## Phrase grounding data

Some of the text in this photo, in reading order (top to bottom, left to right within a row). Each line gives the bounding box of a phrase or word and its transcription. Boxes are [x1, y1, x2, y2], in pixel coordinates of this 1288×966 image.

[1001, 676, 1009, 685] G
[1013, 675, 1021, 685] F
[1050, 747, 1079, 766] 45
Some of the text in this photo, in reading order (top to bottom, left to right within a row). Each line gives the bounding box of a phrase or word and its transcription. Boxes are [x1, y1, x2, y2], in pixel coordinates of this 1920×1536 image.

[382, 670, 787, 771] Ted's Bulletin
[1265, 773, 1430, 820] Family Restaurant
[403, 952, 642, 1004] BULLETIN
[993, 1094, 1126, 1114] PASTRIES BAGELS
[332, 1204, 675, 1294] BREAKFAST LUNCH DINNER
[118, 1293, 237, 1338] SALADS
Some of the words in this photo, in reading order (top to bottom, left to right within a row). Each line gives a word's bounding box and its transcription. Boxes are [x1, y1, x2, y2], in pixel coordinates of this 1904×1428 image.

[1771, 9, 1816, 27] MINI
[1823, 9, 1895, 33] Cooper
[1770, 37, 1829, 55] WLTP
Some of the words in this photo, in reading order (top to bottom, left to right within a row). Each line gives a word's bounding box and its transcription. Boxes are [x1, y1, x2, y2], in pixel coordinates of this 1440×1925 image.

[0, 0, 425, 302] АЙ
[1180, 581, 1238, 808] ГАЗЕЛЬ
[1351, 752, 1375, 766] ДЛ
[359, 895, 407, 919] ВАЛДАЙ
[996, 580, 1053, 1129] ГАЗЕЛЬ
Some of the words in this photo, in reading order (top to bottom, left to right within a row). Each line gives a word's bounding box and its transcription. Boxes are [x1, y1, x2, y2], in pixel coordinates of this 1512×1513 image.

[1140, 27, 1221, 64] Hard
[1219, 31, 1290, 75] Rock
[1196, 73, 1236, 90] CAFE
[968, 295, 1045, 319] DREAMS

## Work item
Exactly as written, transcribe every line shown above.

## Task output
Some of the text in this photo, in reading order (top to bottom, left to right within a row). Each line gives the bounding box of a phrase or word and its transcription. Boxes are [x1, y1, x2, y2], in pixel coordinates of this 1288×966 image.

[1001, 676, 1009, 685] G
[1013, 675, 1021, 685] F
[1050, 747, 1079, 766] 45
Some of the text in this photo, in reading order (top to bottom, left to right within a row). Each line gives the bounding box of a phrase or word and its transcription. Boxes are [x1, y1, x2, y2], in pixel coordinates of this 1920×1536 image.

[382, 670, 787, 771] Ted's Bulletin
[1265, 773, 1430, 820] Family Restaurant
[403, 952, 642, 1004] BULLETIN
[993, 1094, 1126, 1114] PASTRIES BAGELS
[332, 1204, 675, 1294] BREAKFAST LUNCH DINNER
[118, 1293, 237, 1338] SALADS
Some of the words in this photo, in reading order (top to bottom, left to right within a row). Each line gives a word's bounding box and its transcription. Boxes are [x1, y1, x2, y2], in pixel coordinates of this 1904×1428 image.

[1771, 9, 1816, 27] MINI
[1823, 9, 1895, 33] Cooper
[1770, 37, 1829, 55] WLTP
Some of the words in this photo, in reading order (top to bottom, left to right within a row). Each line gives a word's bounding box and its transcription. Boxes are [x1, y1, x2, y2], in pixel coordinates of this 1440×1925 image.

[0, 0, 425, 302] АЙ
[1180, 581, 1238, 808] ГАЗЕЛЬ
[1351, 752, 1375, 766] ДЛ
[359, 895, 407, 919] ВАЛДАЙ
[996, 580, 1053, 1129] ГАЗЕЛЬ
Some of the words in this photo, in reading order (top to bottom, left to right within a row). Each line gives a word's bounding box and its transcription. Boxes are [x1, y1, x2, y2], in pixel coordinates of this 1512×1513 image.

[1140, 27, 1221, 64] Hard
[1219, 31, 1290, 75] Rock
[1196, 73, 1236, 90] CAFE
[968, 295, 1045, 319] DREAMS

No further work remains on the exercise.